Lors de la deuxième intervention, il avance que le chaos est désormais à l’échelle mondiale et que des changements s’ensuivront inévitablement. Il demande aux gens de ne pas croire les nouvelles (dont Fox!), de penser par soi-même et de s’éduquer. Sentiment sombre qui tombe dans l’ère du temps et des fausses nouvelles, mais aussi qui rappelle 1984 de Georges Orwell… Est-ce pour cette raison que le chanteur s’est vêtu de la sorte? Les musiciens, pour leur part, sont restés discrets, seul le bassiste a bougé à quelques reprises, celui-ci étant le membre le plus expressif du quatuor.
Ce n’était pas une surprise pour les habitués de voir Keenan se dissimuler dans l’ombre, car c’est ainsi qu’il entre dans sa zone.

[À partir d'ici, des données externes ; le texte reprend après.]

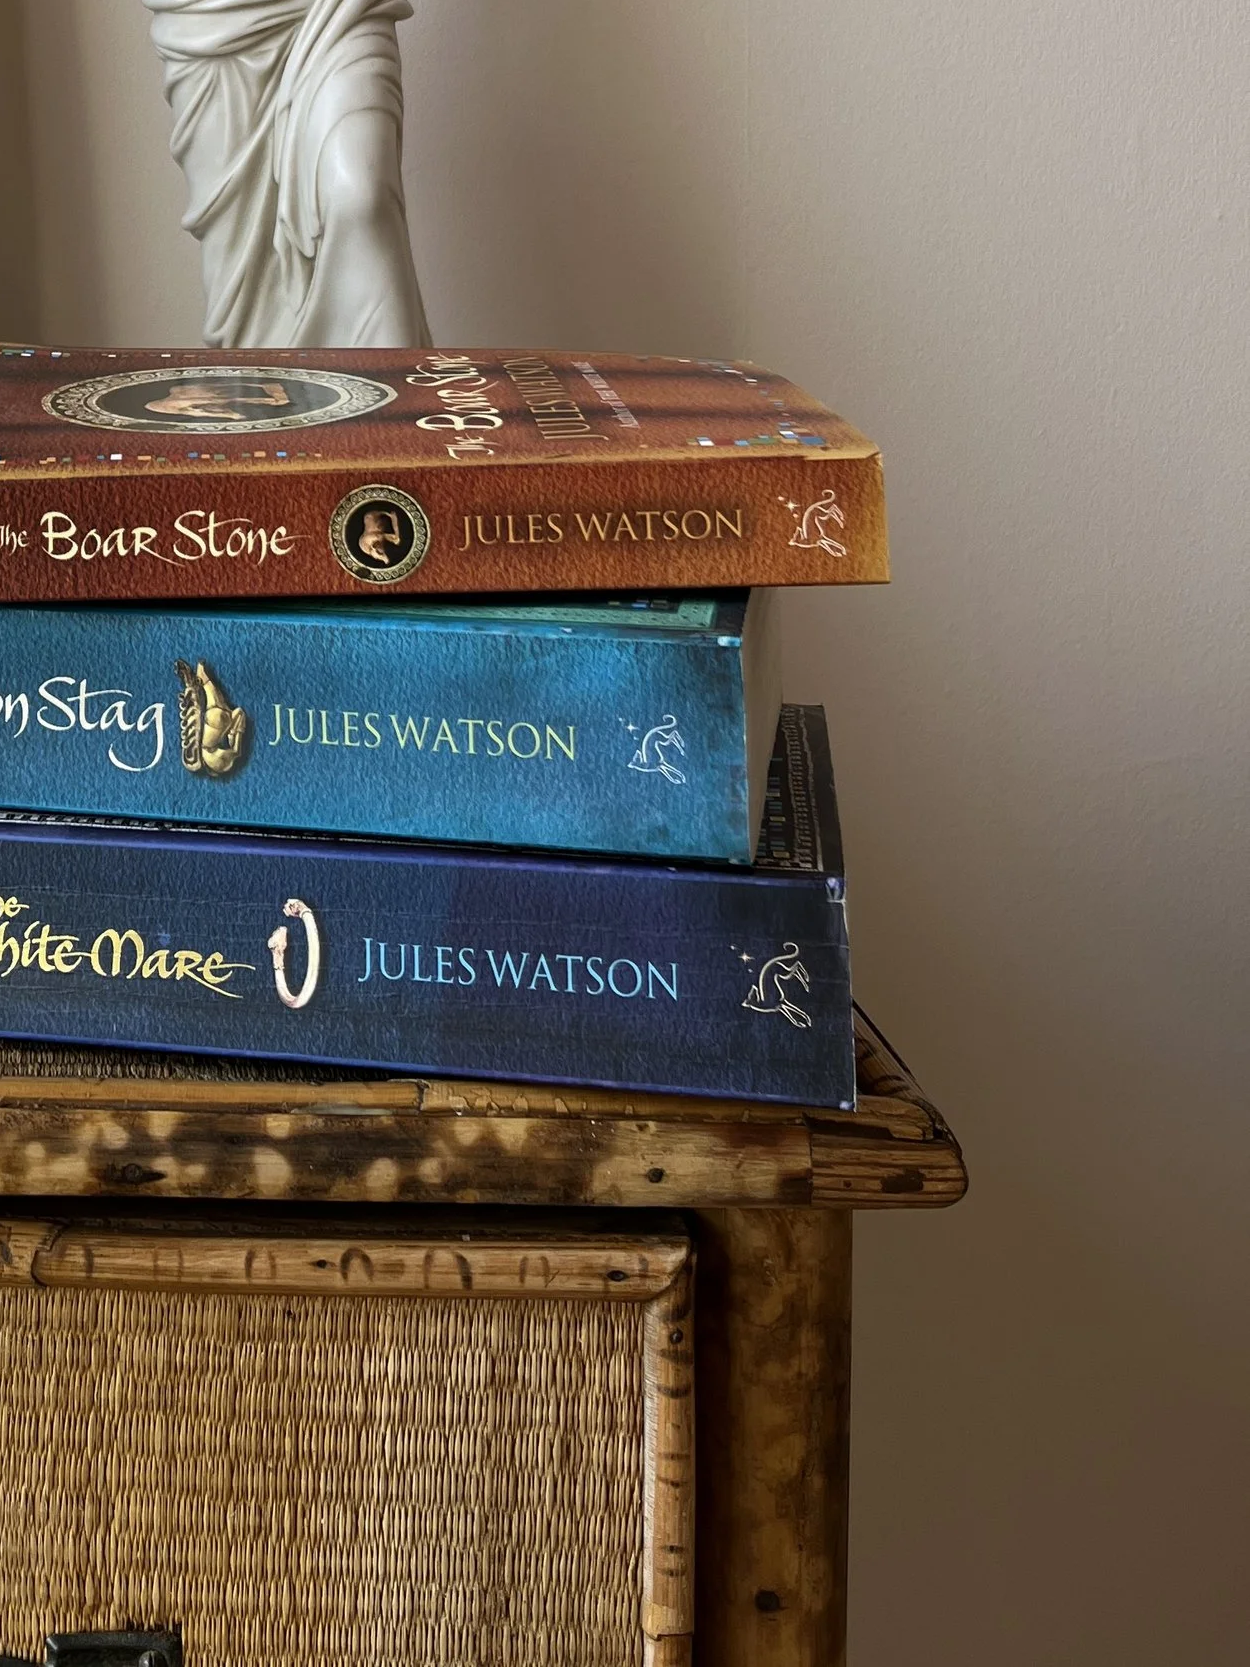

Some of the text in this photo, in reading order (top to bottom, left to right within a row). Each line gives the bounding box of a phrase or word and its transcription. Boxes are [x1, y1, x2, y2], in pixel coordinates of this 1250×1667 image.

[405, 352, 490, 386] Stone
[497, 356, 609, 441] JULES WATSON
[611, 407, 641, 429] Author
[444, 433, 499, 460] The
[172, 509, 312, 567] Stone
[459, 508, 743, 552] JULES WATSON
[36, 675, 166, 773] Stag
[268, 702, 577, 762] JULES WATSON
[357, 936, 680, 1002] JULES WATSON

Le fait qu’il n’ait pas retiré ses lunettes, ne serait-ce qu’un instant, illustre bien le fossé que le groupe a voulu créer avec l’auditoire. Les visuels utilisés et le jeu de lumière pendant le concert constituaient le point d’intérêt. Les images sombres, reprenant les vidéoclips que la formation a utilisés pour les extraits promotionnels, cadraient parfaitement avec l’esthétisme glauque que l’on associe avec Tool et qui nous obnubilait.

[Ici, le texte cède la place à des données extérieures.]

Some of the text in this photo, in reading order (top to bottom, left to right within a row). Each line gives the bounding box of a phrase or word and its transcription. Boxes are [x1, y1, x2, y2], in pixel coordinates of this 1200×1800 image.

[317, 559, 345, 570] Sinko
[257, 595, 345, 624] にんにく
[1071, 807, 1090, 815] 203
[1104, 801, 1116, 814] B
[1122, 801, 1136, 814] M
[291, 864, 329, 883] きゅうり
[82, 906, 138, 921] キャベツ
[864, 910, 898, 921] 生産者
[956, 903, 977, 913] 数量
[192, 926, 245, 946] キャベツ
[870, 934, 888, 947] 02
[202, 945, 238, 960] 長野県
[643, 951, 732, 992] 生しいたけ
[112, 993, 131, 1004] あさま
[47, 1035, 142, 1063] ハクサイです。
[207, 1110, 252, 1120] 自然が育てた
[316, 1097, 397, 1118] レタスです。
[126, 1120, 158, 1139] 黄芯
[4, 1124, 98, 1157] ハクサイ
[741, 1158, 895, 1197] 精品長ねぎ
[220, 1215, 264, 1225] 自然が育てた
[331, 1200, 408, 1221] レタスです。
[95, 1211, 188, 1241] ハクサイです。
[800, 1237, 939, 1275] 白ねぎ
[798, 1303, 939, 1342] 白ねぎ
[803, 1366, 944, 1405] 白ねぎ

Les musiciens ont foulé les planches sous les cris de joie. Le chanteur a fait son apparition peu après, seul, et la clameur a redoublé. La dévotion pour ce groupe était palpable. Dès les premières notes de la très rock «The Grudge», les spectateurs étaient prêts et pleinement absorbés par ce qui se passait sur la scène et sur l’écran. Les membres étaient tous très solides et habiles dans leur jeu, spécialement le bassiste.
Tool poursuivit avec «Parabol» et la rythmée «Parabola», ce qui fit grimper l’excitation. L’extrait «Schism», jouée avec brio, a été la chanson qui a transporté la foule à un autre niveau et, dès ce moment, les cris d’encouragement et les applaudissements se sont intensifiés. La formation semblait très concentrée sur l’interprétation, peu attentive à ce qui se passait dans l’amphithéâtre. Et, bien que le Centre Bell ait disposé des chaises sur le parterre, les spectateurs ont préféré rester debout pendant le concert.

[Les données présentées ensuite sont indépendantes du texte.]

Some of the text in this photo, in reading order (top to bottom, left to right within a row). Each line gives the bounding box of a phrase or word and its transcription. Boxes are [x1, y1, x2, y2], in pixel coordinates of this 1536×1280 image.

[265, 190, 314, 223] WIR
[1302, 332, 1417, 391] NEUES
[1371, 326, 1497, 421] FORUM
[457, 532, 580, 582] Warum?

«Opiate» a réellement touché les admirateurs du groupe, certains ont même chanté, bien que ce fut difficile de les entendre tellement le son était fort. Le chanteur semblait plus calme et avait abandonné, du moins momentanément, sa position plutôt sur la défensive, comme s’il était prêt pour l’attaque. «Ænema» fut l’occasion d’entendre Keenan employer un ton légèrement plus lointain et caverneux, illustrant le côté obscur de l’identité de Tool. «Descending» fut interprétée de façon magistrale, et ce, même si le public a réagi de manière plus contenue. Pour sa part, «Jambi» a été imprégné d’une vigueur singulière et le batteur a su marteler le rythme avec exactitude et robustesse. La formation a conclu la première partie de ce concert avec l’excellente «Forty-Six & 2» où les musiciens se sont réellement illustrés par leur dextérité. Tool a pris soin d’avertir, par le biais d’une enseigne lumineuse, l’intermission (accompagnée par un chronomètre).
Leur retour pour le deuxième segment fut triomphal. Après un solo de batterie où le batteur Danny Carey a eu l’occasion de prouver son talent, un morceau qui a véritablement plu à la foule et qui n’a pas été trop long, Tool marqua l’imaginaire avec «Vicarious», ce qui donna un coup de fouet aux spectateurs: la prestation recommença avec une énergie incroyable et le public fut subjugué et émerveillé. Malheureusement, la fin se dessinait; après avoir joué avec intensité le titre «Sweat», le groupe présenta la dernière pièce, «Stinkfist», magnifiquement interprétée. La foule et la formation vivaient à l’unisson le moment présent, ressentant la chanson et vibrant tous ensemble. Ce fut une excellente façon de terminer le spectacle, l’auditoire était époustouflé.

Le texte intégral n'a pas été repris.